I spent my 20s and 30s trying to conform to the things of this world which, of course, left little room for an openness to life. After returning to the Church and remarrying at 50, the good Lord gave me children – 90 to be exact – in the religious education program I direct in my parish. He sure does work in mysterious ways and yes, has a real sense of humor too! I prefer to think of my past not as ‘wasted years’ but ‘hard lessons learned’ that brought me to my life today.
Mrs. B. says
Thank you for sharing this prayer – it’s the opposite of despair.
Teresa says
This touched me so much I can’t even speak of it.

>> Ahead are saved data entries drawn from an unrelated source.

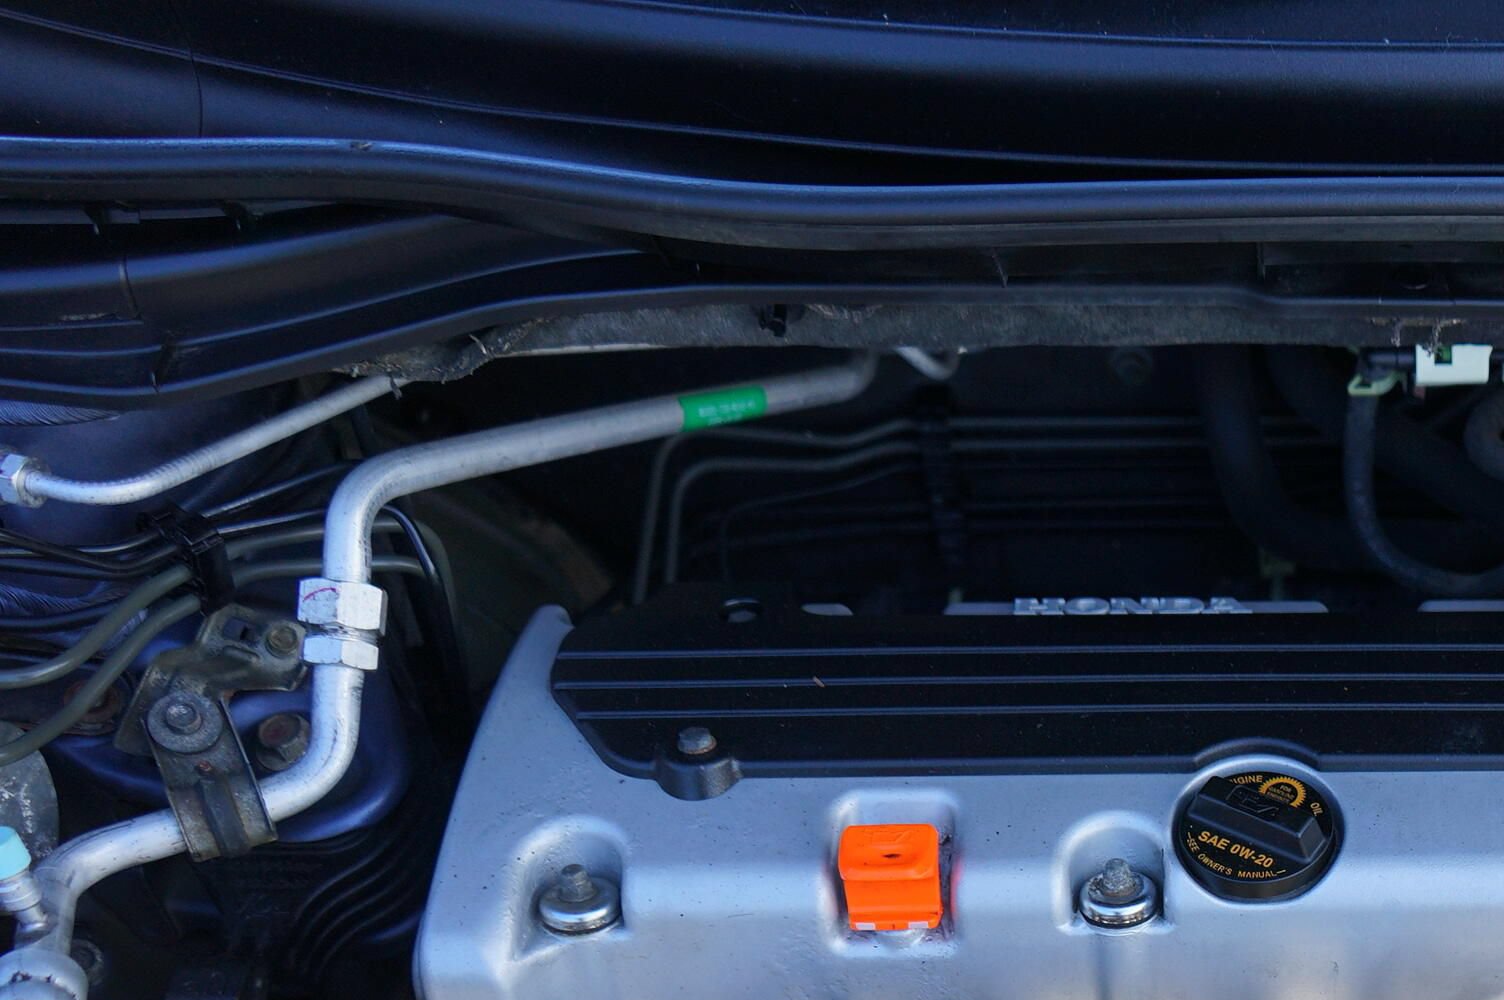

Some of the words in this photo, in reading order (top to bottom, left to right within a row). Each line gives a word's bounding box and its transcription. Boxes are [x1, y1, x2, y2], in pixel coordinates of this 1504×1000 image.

[1013, 597, 1253, 615] HONDA
[1310, 802, 1324, 817] OIL
[1198, 831, 1231, 854] SAE
[1229, 843, 1275, 869] 0W-20
[1197, 853, 1233, 876] OWNER'S
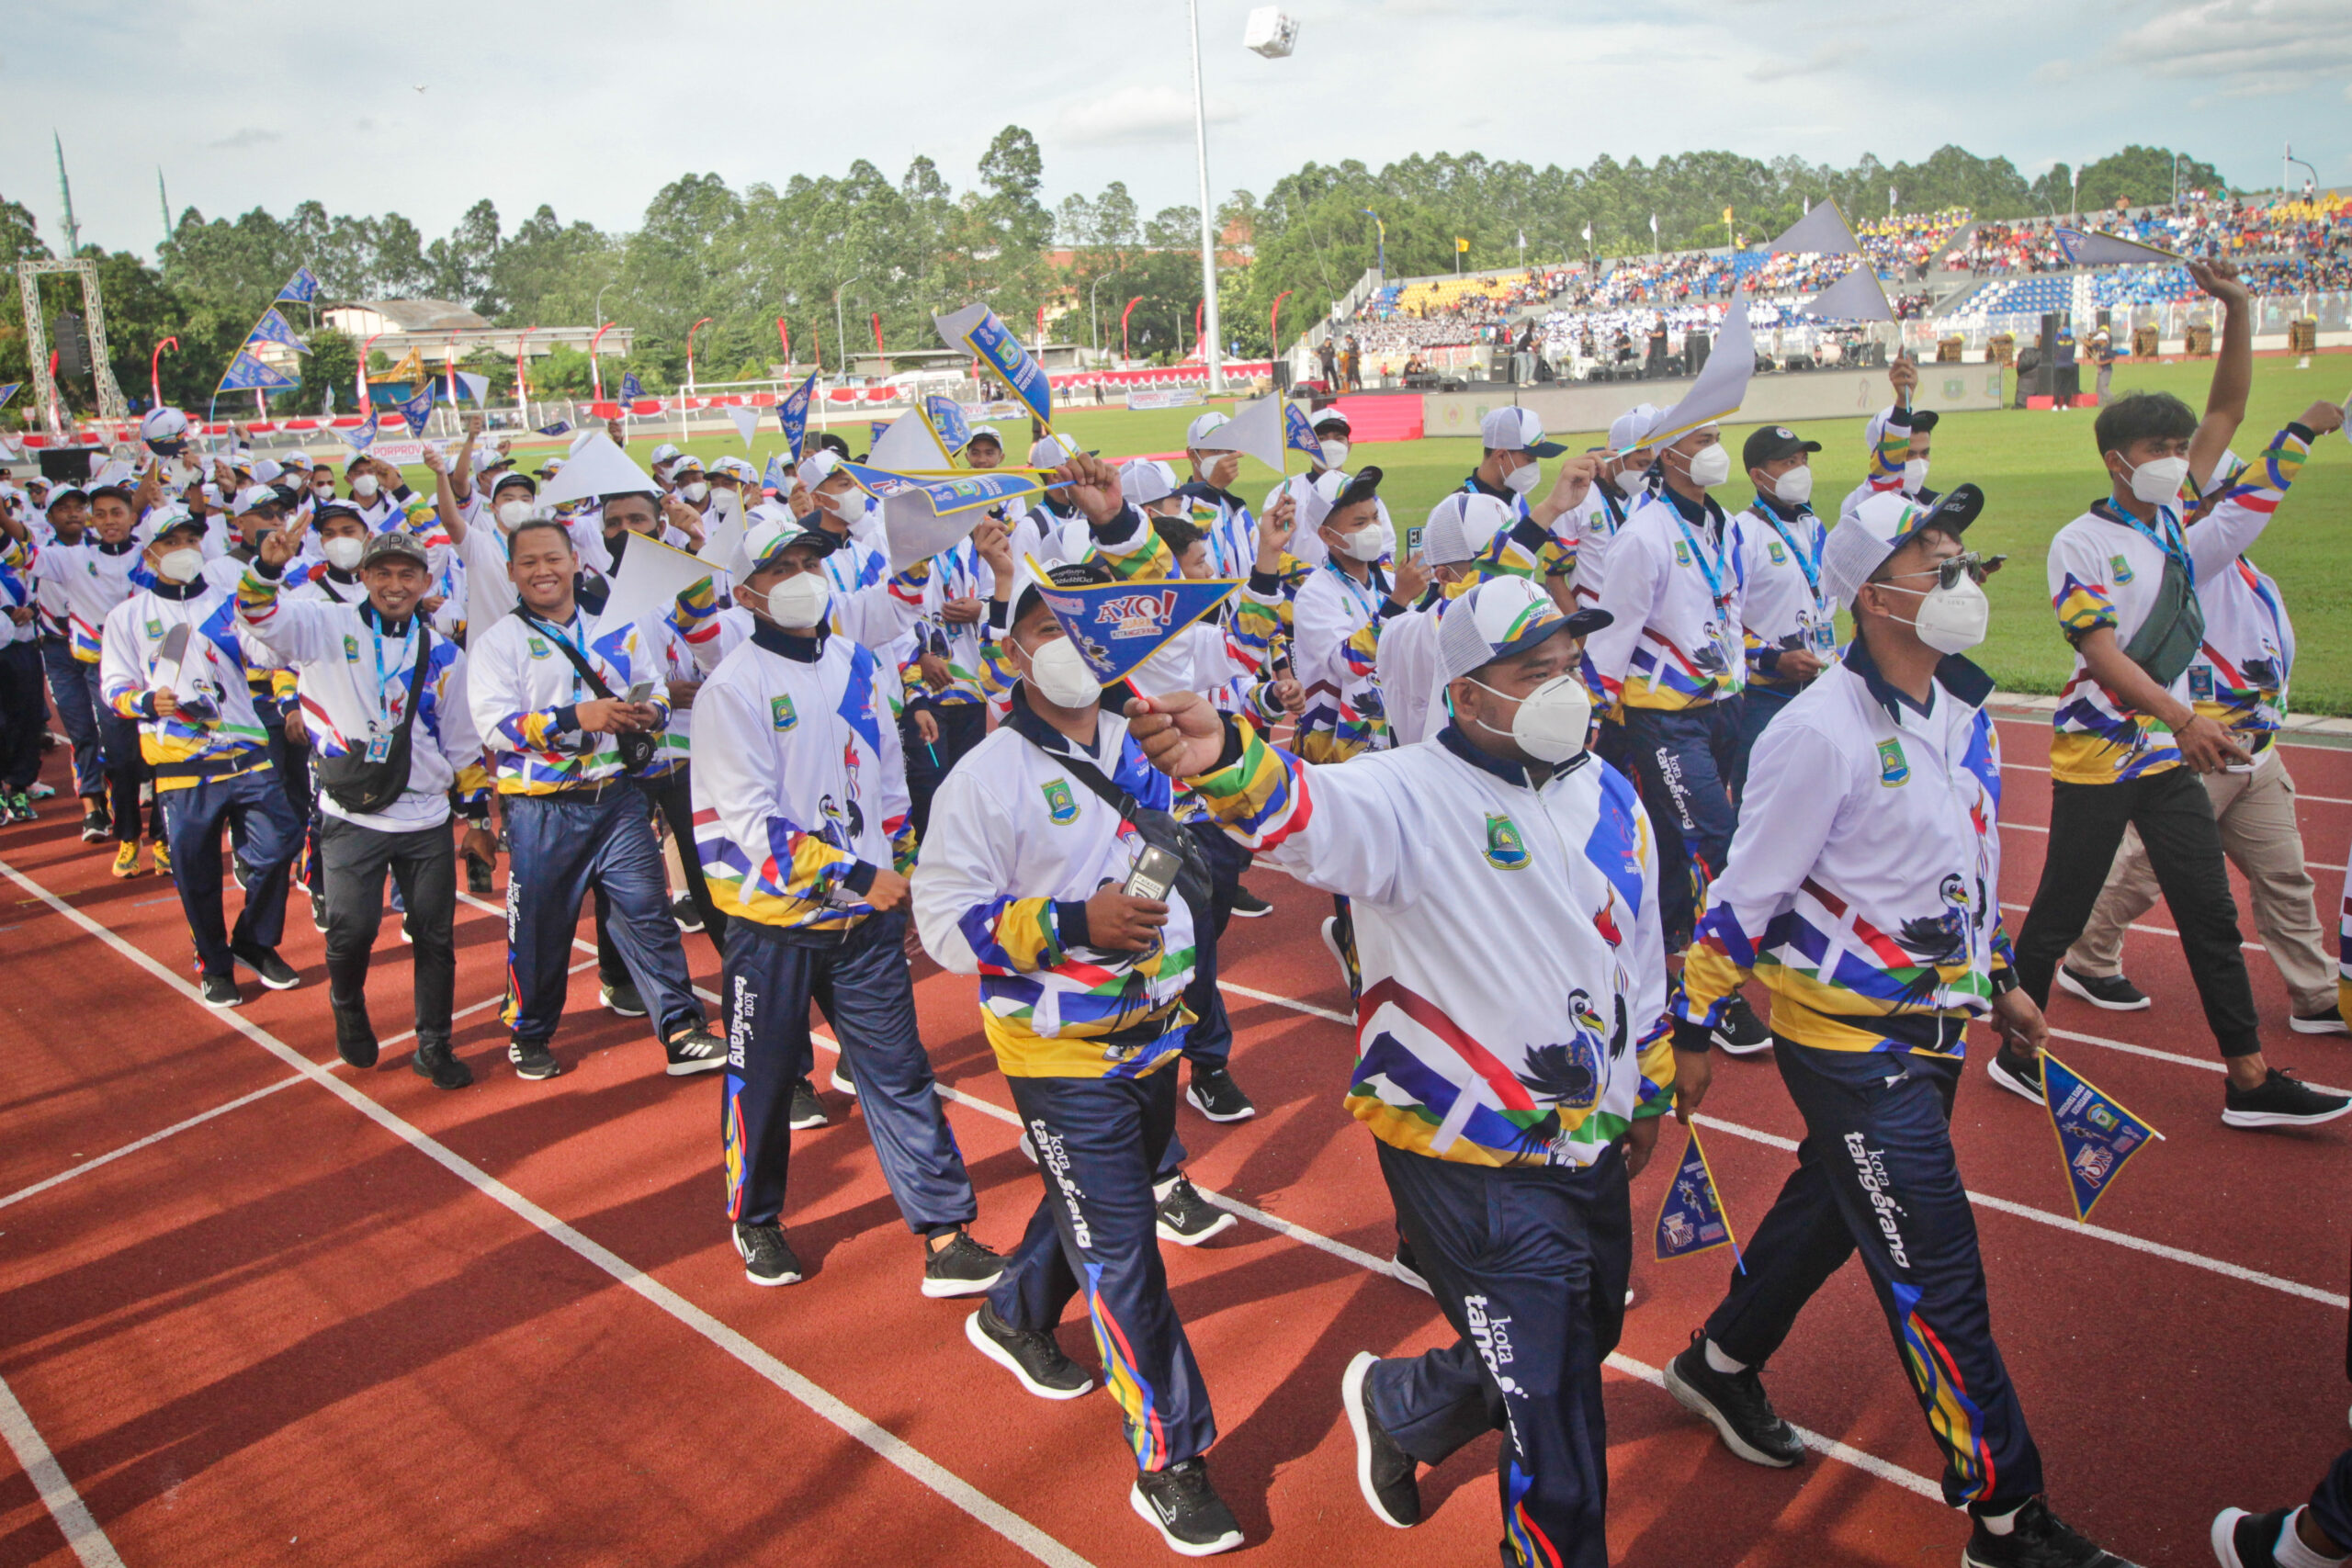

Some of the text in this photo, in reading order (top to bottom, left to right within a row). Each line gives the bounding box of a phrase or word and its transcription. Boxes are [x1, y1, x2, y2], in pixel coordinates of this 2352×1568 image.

[373, 445, 421, 457] PORPROV
[389, 535, 404, 549] P
[1094, 589, 1179, 626] AYO!
[1118, 618, 1155, 630] JUARA
[1668, 754, 1682, 780] kota
[1656, 747, 1695, 830] tangerang
[729, 975, 750, 1069] tangerang
[744, 991, 758, 1018] kota
[1049, 1134, 1071, 1171] kota
[1867, 1149, 1890, 1187] kota
[1030, 1119, 1092, 1249] tangerang
[1844, 1132, 1911, 1269] tangerang
[1489, 1315, 1514, 1365] kota
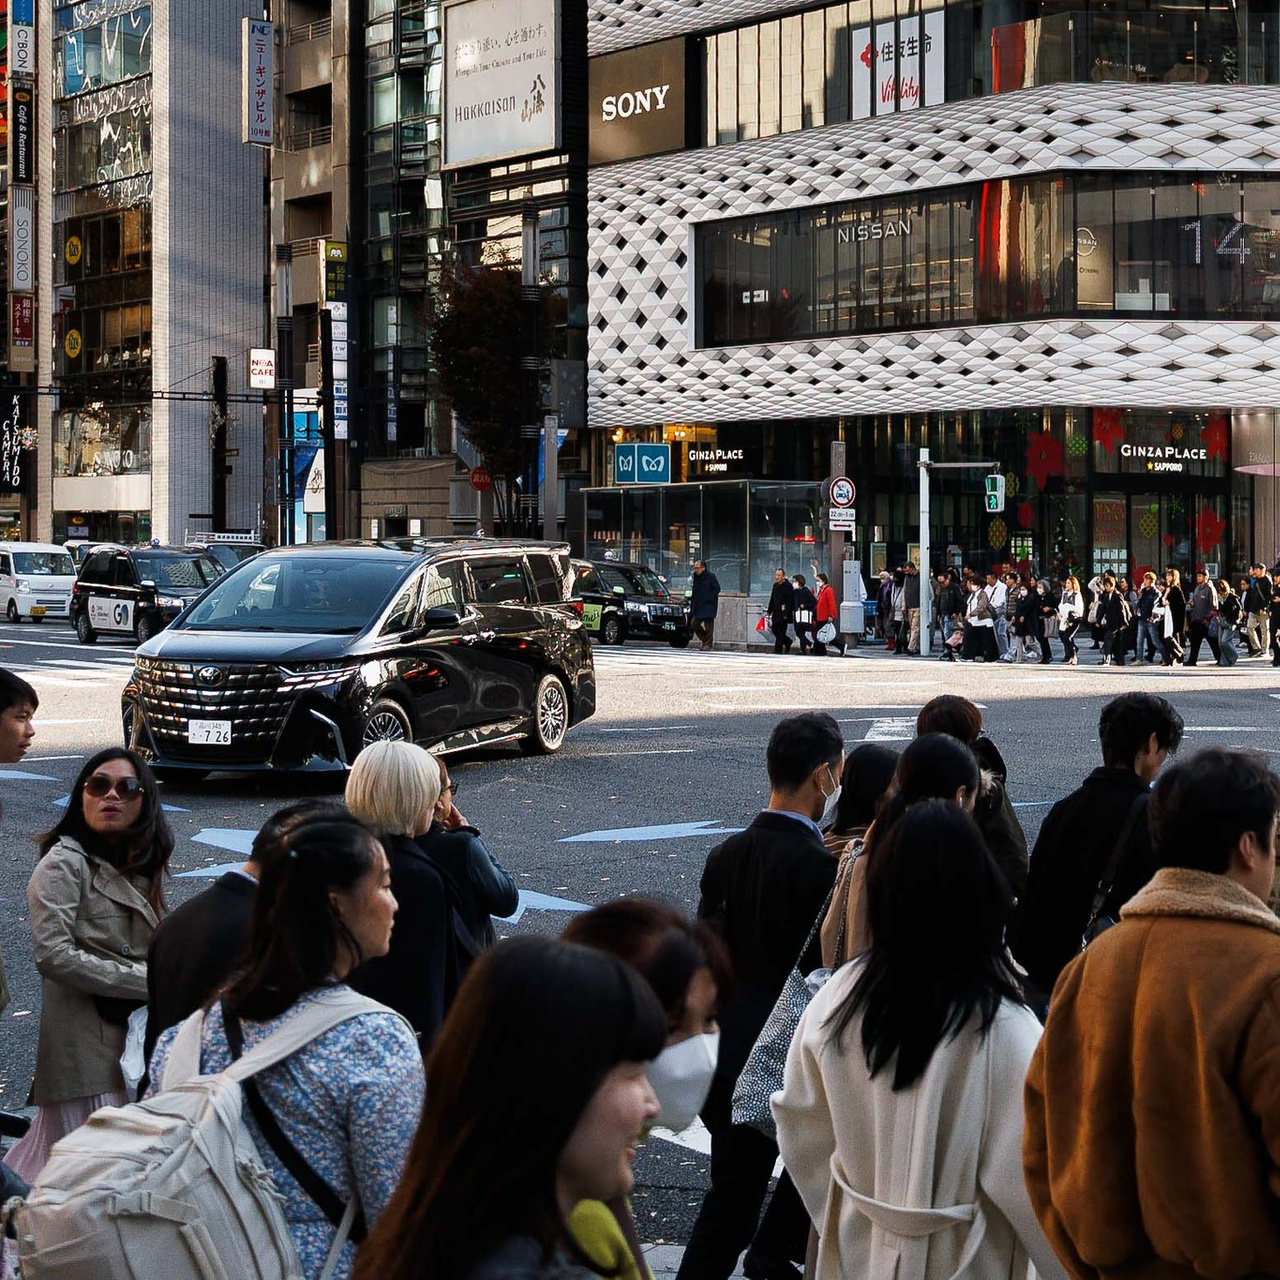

Oh my dear sister in Christ – if you only knew what a comfort and balm your words have been.
Thank you.
Theresa (Haus Frau) says
I did have a pang after reading your post to the bride (all the while determined to save that advice for my five daughters who will need it someday!!) Thank you for that post, and this one. It gives me such peace!
Mrs. B. says
Leila, thank you for this. Just the other day I was thinking what mysteriously rich book the Psalms are, and how little I understand them… Thank you for this lesson in hope!
What a blog, what a blog!! 🙂
Chiara says
56, and teary, over many things; many sins, much cowardice, much simple self-absorbed stupidity. God bless you!!!
(WAIT — not like that — like, for real — !!)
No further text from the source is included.